Ahead of the hundredth running of the Indy 500, Lee Spencer talks exclusively with four-time victor Rick Mears, and Brazil’s current challenger Helio Castroneves, whose hopes of matching Mears’ record remain well and truly on the horizon.
One hundred races. One hundred opportunities to win.
But in the first 99 runnings of the Indianapolis 500, only three of the 758 drivers who have attempted the Greatest Spectacle in Racing have earned membership into the elite fraternity of four-time victors: A.J. Foyt, Al Unser and Rick Mears.
Foyt was the first. His initial win came in 1961. He started seventh, took the lead from polesitter Eddie Sachs with three laps to go and won by 8.28 seconds. He earned his second and third wins in 1964 and 1967, but would have to wait until 1977, when he was 42, for the fourth.
Unser’s first win came from the pole in 1970. His entry was so strong he lapped the field with 25 circuits remaining in the race. Unser is the only driver of the three to post consecutive wins. His second victory came the following year, with his final two in 1978 and 1987.
Mears accomplished the task with the greatest dispatch. In his sophomore season with Penske Racing, Mears won the pole for the 1979 Indy 500. Although Unser led the first 24 laps, Mears took the lead for the first of three times on Lap 25. After Unser had mechanical issues, Mears battled Bobby Unser and Foyt, finally regaining the lead on Lap 182 and holding the point to the finish. Five years later, Mears drank the celebratory milk in victory lane for the second time.

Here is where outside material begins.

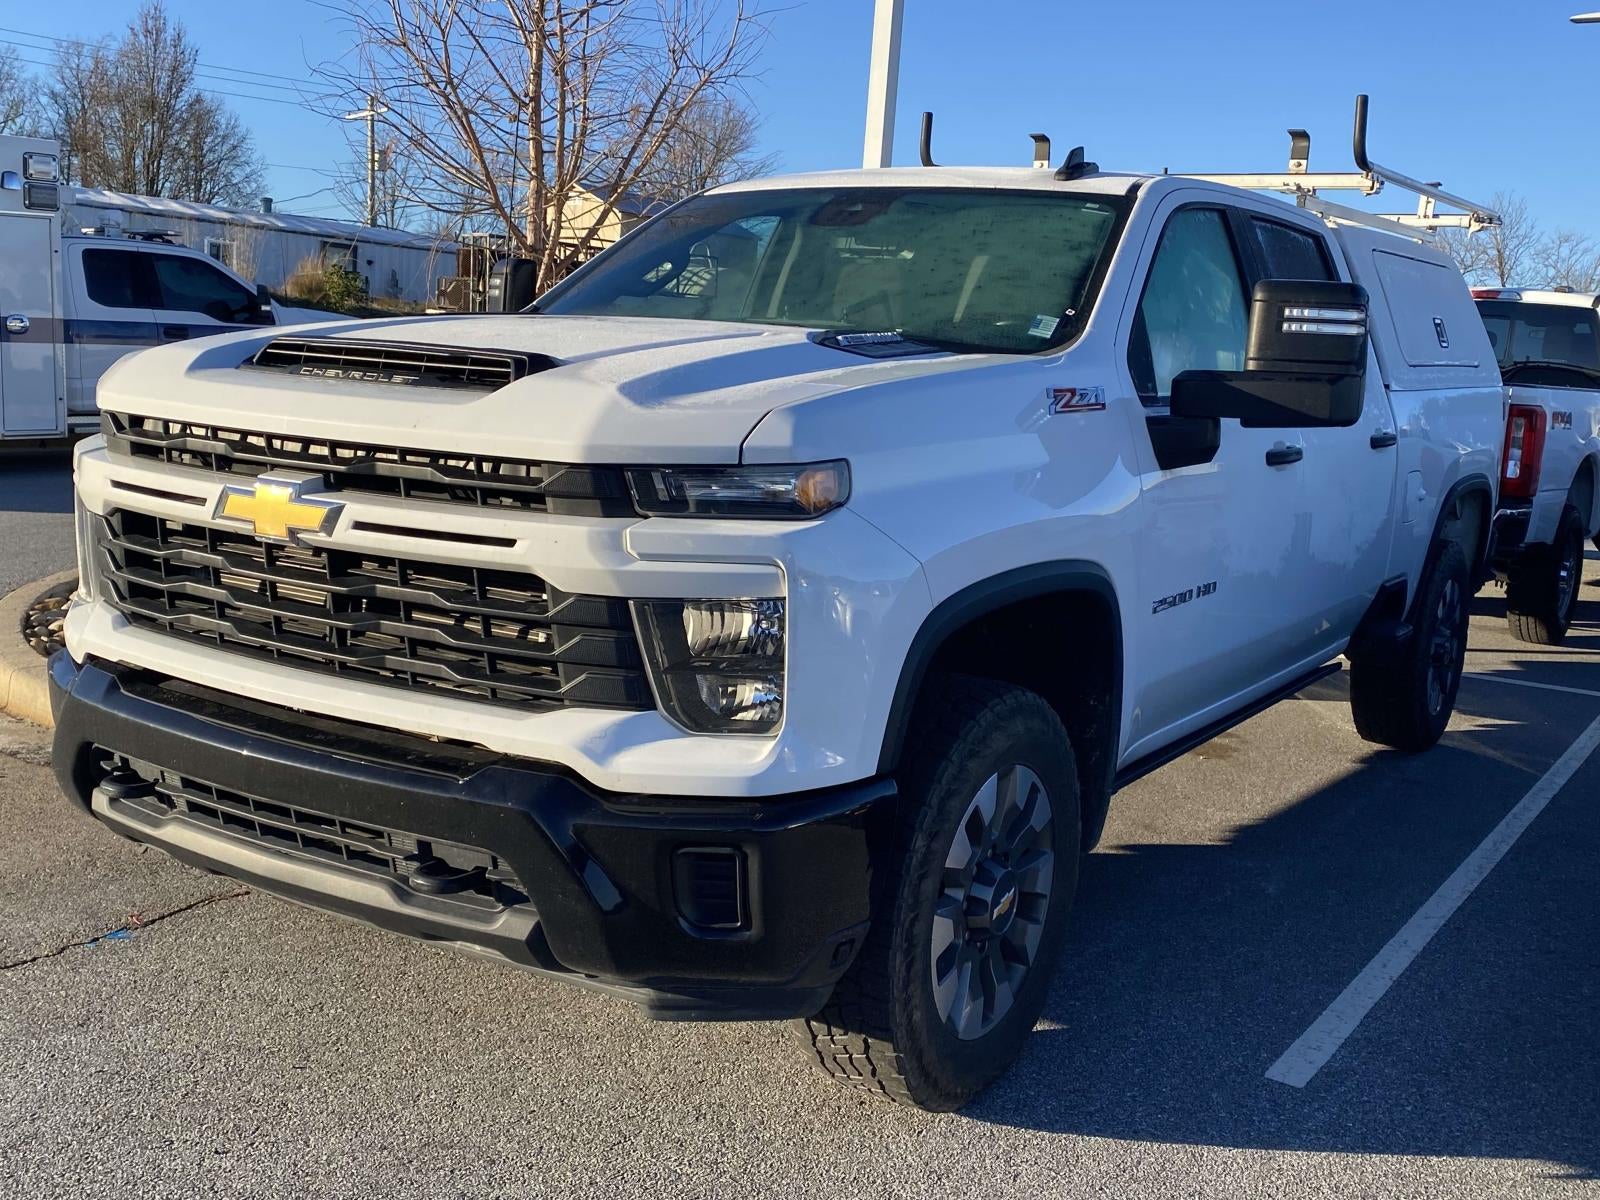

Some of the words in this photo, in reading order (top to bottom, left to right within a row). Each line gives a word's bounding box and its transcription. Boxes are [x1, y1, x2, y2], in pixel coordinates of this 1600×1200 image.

[300, 366, 420, 384] CHEVROLET
[1046, 386, 1106, 415] Z71
[1152, 588, 1193, 614] 2500
[1196, 581, 1217, 599] HD

With wins in 1988 and 1991, Mears collected four Borg-Warner trophies in 12 years – the quickest ever driver to accomplish the task. Little did Mears know after the 75th running of the Indianapolis 500 in 1991, that the next quarter century would fail to produce another four-time winner.

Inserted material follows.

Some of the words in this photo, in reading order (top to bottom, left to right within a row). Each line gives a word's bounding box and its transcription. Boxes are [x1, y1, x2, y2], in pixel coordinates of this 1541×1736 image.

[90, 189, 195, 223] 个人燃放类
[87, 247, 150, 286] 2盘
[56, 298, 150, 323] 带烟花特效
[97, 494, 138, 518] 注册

But Mears doesn’t consider the ‘drought’ surprising.
“Yes, I mean, to a point – but no,” Mears said. “That’s the Super Bowl. To have all the stars line up for you to make that happen is very difficult. In that respect, I’m not surprised but, on the other hand, records were meant to be broken. So, no one’s ever won five, but it will happen one day. Somebody will do it.”
The common thread
When it comes to commonalities among the three four-time winners, Mears said it helps to be recruited by a top team – such as he was with Roger Penske early in his career.
“You can’t put the numbers on the board if you don’t have a decent team,” Mears said. “Team Penske is the best in the business. That’s what allowed me to do it. They gave me the tools I needed to get the job done.”
Behind the wheel, patience is key. Drivers have to take care of their equipment over 200 laps and be ready for the end game.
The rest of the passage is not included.